BACKGROUND: Anemia is a common complication among patients with inflammatory bowel diseases (IBD) and is associated with high rates of IBD-related complications, resource utilization, and impaired quality of life. Despite practice guidelines for anemia in patients with IBD, gaps remain in the perceptions of anemia among health care providers. The aims of this study were to identify gaps in care and to develop a care pathway for anemia in patients with IBD. METHODS: The Crohn's & Colitis Foundation of America anemia care pathway was developed by a committee using principles of cognitive task analysis. Focus groups of providers of patients with IBD were performed to identify domains of perceptions and management decisions for anemia and IBD. Knowledge elicitation from subject experts in anemia was conducted using case-based scenarios of patients with IBD and anemia to determine decision-making branch points. The care pathway was modified in an iterative fashion to encompass clinical presentations of anemia in IBD and potential barriers to the recognition, management, and follow-up of anemia. RESULTS: Variations were observed in how providers define iron deficiency, thresholds for treatment of anemia, and route of iron therapy. A care pathway for anemia incorporating the World Health Organization definition of anemia, universal hemoglobin and ferritin screening, evaluation of iron stores using ferritin and transferrin saturation, management of anemia based on adequacy of iron stores, and follow-up was developed. CONCLUSIONS: The authors identified domains of how providers perceive and manage patients with IBD and anemia, and developed a care pathway to align clinical practices with guideline recommendations.

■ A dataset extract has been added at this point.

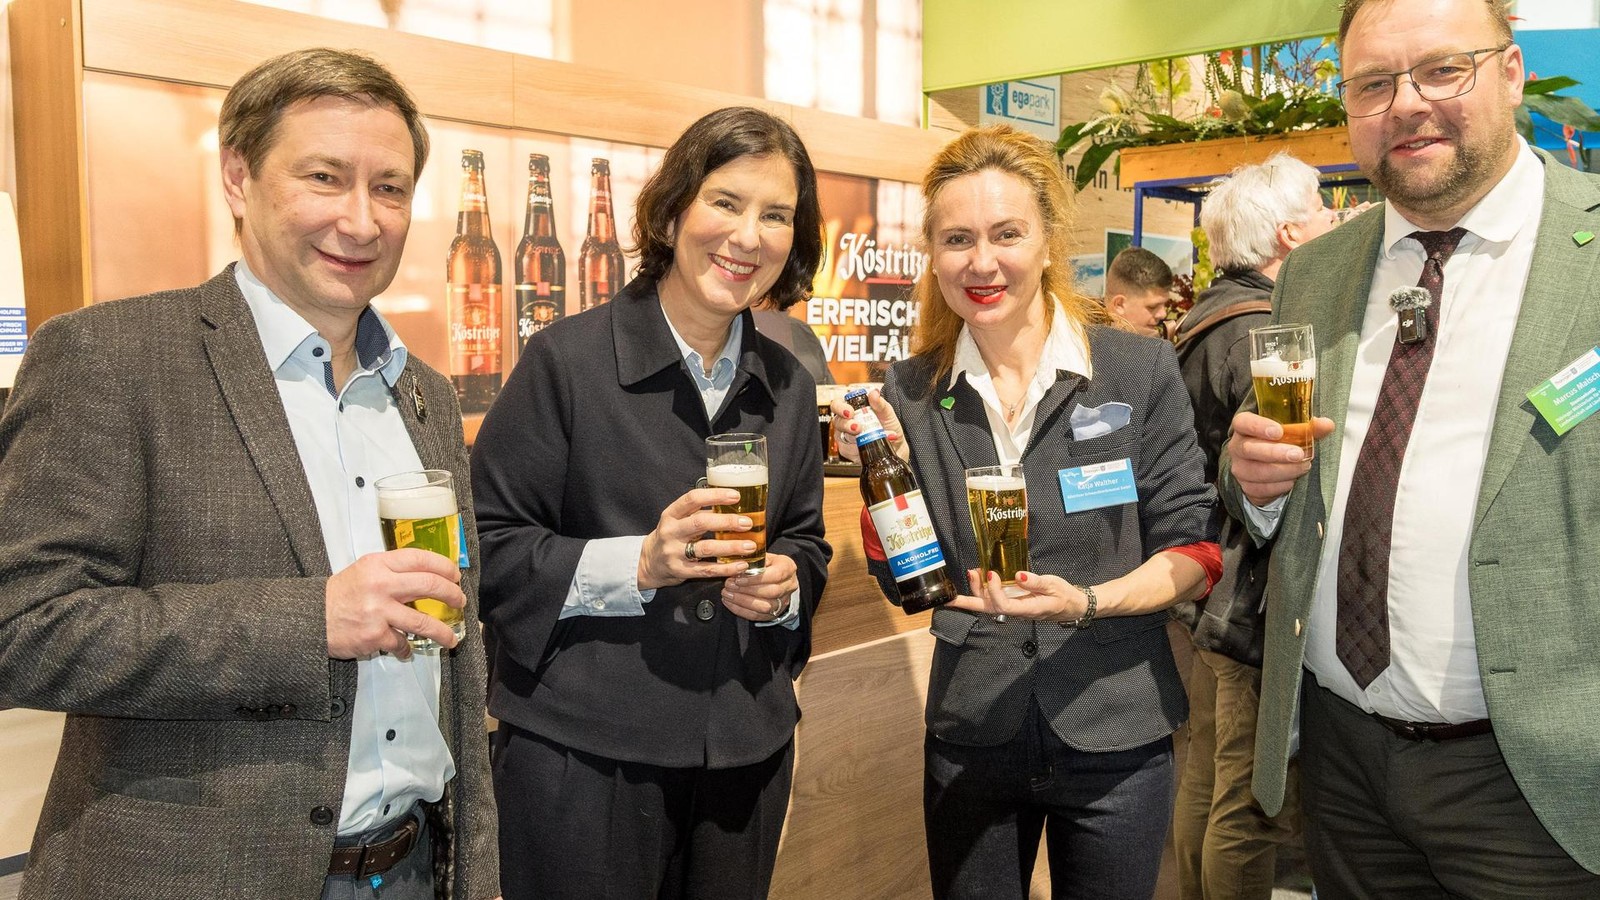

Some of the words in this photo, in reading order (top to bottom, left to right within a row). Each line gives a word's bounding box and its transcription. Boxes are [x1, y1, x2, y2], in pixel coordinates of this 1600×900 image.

Knowledge, Attitudes, and Beliefs Regarding the Role of Nutrition in IBD Among Patients and Providers.

BACKGROUND: Malnutrition is common in inflammatory bowel disease (IBD). Identifying patients who are malnourished or at risk for malnutrition may lead to early intervention and improve patient outcomes. To date, little is known about the role of nutritional assessment and management in IBD care. We aimed to evaluate knowledge, attitudes, and beliefs regarding nutrition in IBD among patients and providers. METHODS: Surveys were mailed electronically to patients and providers identified through their membership in the Crohn's & Colitis Foundation of America. In addition, patient and provider focus groups were conducted to explore nutrition-related themes. These surveys and focus groups were designed to evaluate knowledge and perceived importance of nutrition, patient-provider interactions regarding nutrition and use of nutritional resources. RESULTS: There were 223 provider respondents (65.5% gastroenterologists, 15.2% nurses, and 6.7% dietitians). Forty-one percent of the gastroenterologists rated their knowledge of nutrition in IBD as "very good" compared with 87% of dietitians and 16% of nurses (P < 0.001). Thirty-three percent of the gastroenterologists reported not routinely screening their IBD patients for malnutrition. The patient survey had 567 respondents with 27% rating their knowledge of nutrition in IBD as "very good." In the focus groups, a lack of adequate IBD nutritional resources was evident along with a desire for improved access to nutrition specialists. CONCLUSIONS: Significant gaps in knowledge relating to nutrition in IBD seem to exist. Targeted educational initiatives and improved access to nutritional experts are warranted. In addition, a standardized process for the assessment of malnutrition among patients with IBD should be developed.